The government generates income for its activities, in large part, from taxes. During normal years this was burdensome because we rarely ever got to see what the hard-earned dollars we shell out contributed to.
This year, however, has been like no other in recent memory. The world has been in the shadow of the coronavirus pandemic and it seems we will enter 2021 with it well. The challenges that 2020 presented are going to follow us, in one way or another into next year.
Now, with this all in mind, the hope was that we would see sweeping tax relief that showed that the government recognised just how bad things are for Zimbabweans.
This doesn’t appear to be the case with what we heard from Finance Minister Mthuli Ncube in his National Budget Statement.
The 2% Tax
The first thing to discuss is the Intermediary Money Transfer Tax more commonly know as 2% Tax. The government launched this fiscal measure in 2018 to address the tax shortfalls that arose because of the largely informal nature of the Zimbabwean Economy. As well as to wring out as much money as they possibly could from Zimbabweans through every transaction.
In yesterday’s National Budget Statement, the value of transactions the tax is levied on was raised from ZWL$300 to ZWL$500. Given that there is a pandemic and the buying power Zimbabweans have is dwindling, the tax should have been raised even further or suspended altogether.
But it doesn’t look like the governement is going to be giving this one up…
Much like the 2% Tax, there was very little in the way of relief here too. The tax-free threshold was raised from ZWL$5 000 (approx. US$61.12) to ZWL$10 000 (approx. US$122.24).
To put that in perspective, Kenya, earlier this year when the pandemic was at its worst, raised the tax-free threshold to KES24 000 (US$218.13). Value Added Tax (VAT) was reduced from 16% to 14%, and the Kenyan government also waived bank fees for individuals moving money between their bank account and mobile money wallet. All of this (and more) was done to cushion the citizens who are undoubtedly going to have an uphill task of trying to survive during the pandemic.
This isn’t of course to draw cheap comparisons between Kenya and Zimbabwe. The situations are completely different but the point I am trying to make here is that months ago Kenya saw that the pandemic was going to upend everything. They prepared in March to offer substantial relief to their citizens knowing that what was coming ahead was nothing they have ever encountered before.
We on the other hand are not seeing anything that resembles any sort of awareness that Zimbabweans are struggling. An example of this is that, according to ZimStat, a family of five now needs around ZWL$18 750 a month to stay above the poverty line.

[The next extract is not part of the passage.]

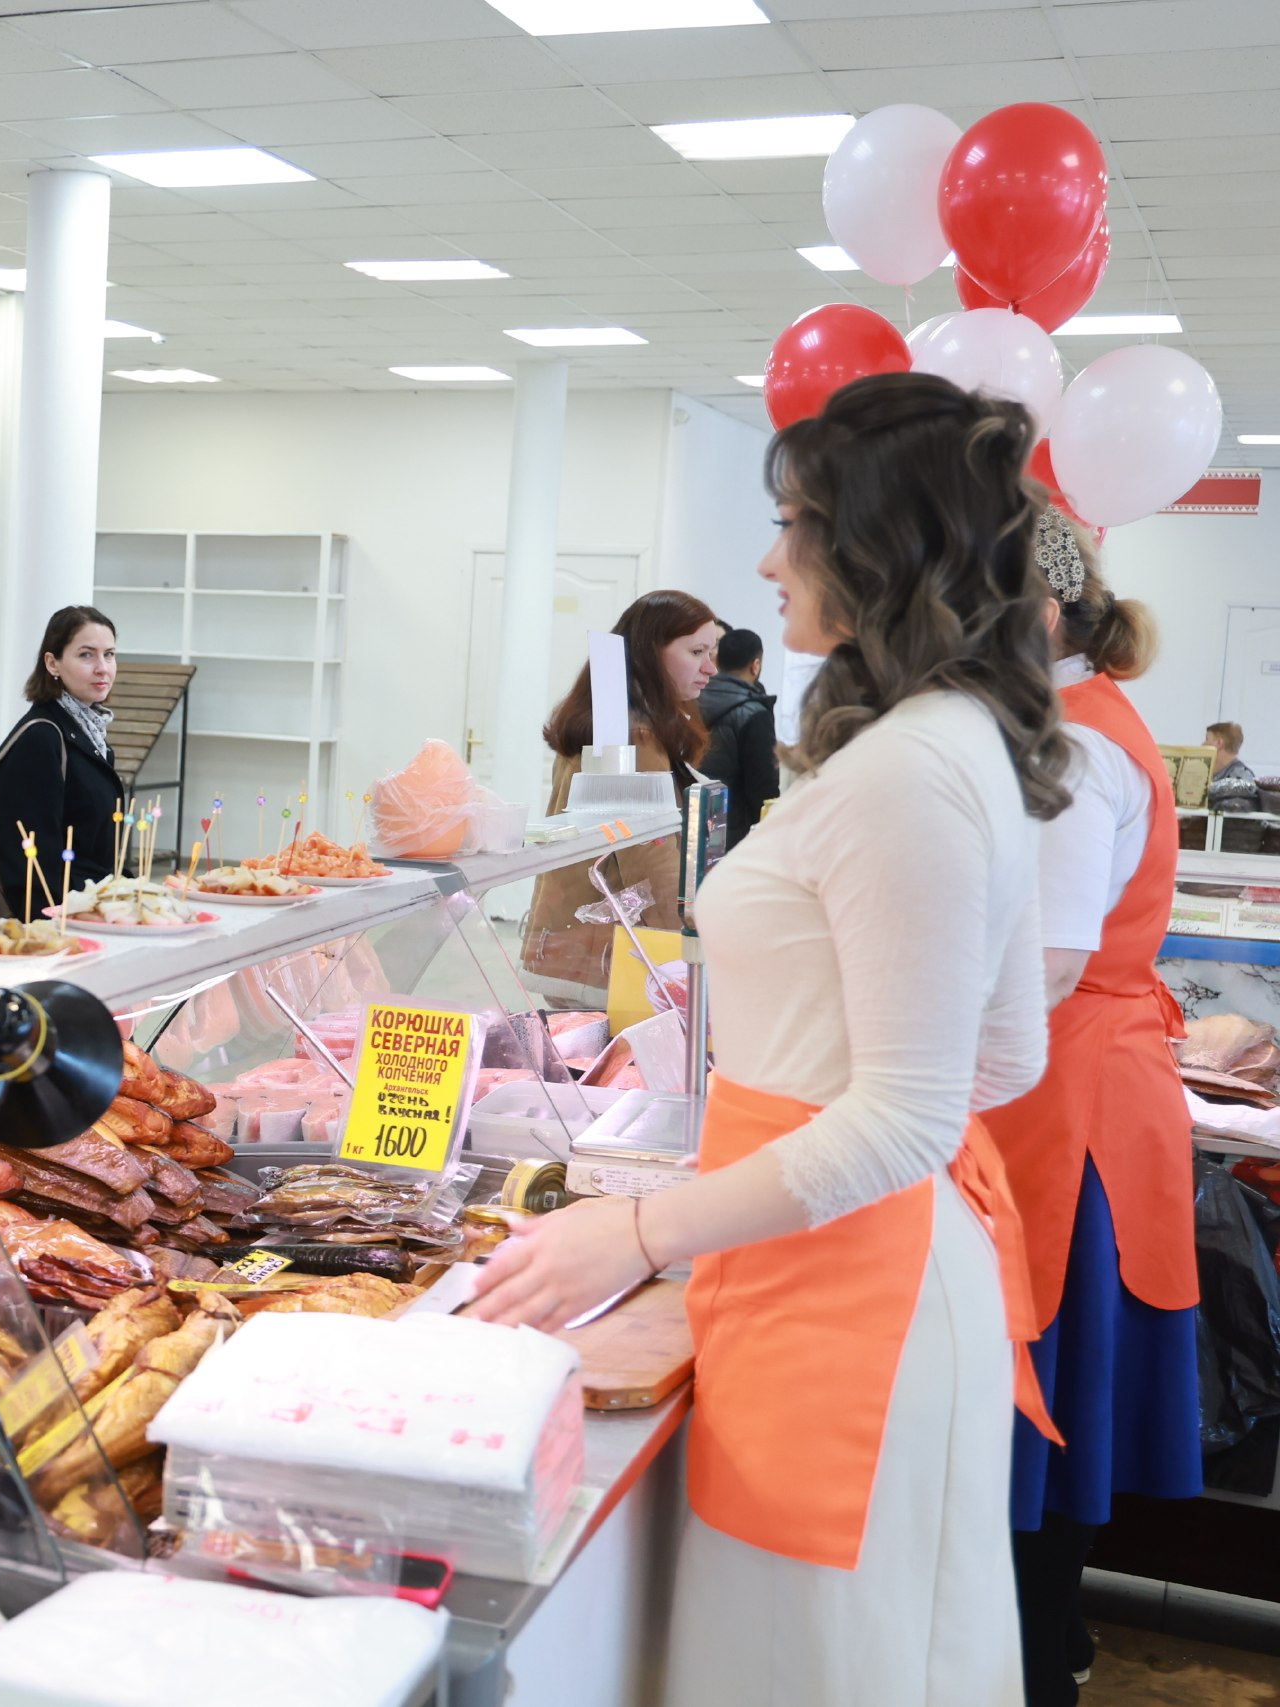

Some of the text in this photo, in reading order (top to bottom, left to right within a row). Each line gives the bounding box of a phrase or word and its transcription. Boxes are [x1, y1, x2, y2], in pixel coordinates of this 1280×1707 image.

According to The Herald, after the recent civil servant salary increase, the basic pay for the least paid civil servant is ZWL$14 528. This means those individuals are still well above the tax-free zone.
They do however get a tax free COVID-19 allowance, but with the cost of living continuously on the up, it doesn’t do much to address their needs.
Is greater Tax relief asking for a little too much?
I don’t think it is. The government needs to think of its people first and that means offering them the relief they need in times of crisis. Whatever shortfall in revenue that arises is down to the government to make a plan for. A starting point would be to cut back any unnecessary govt spending.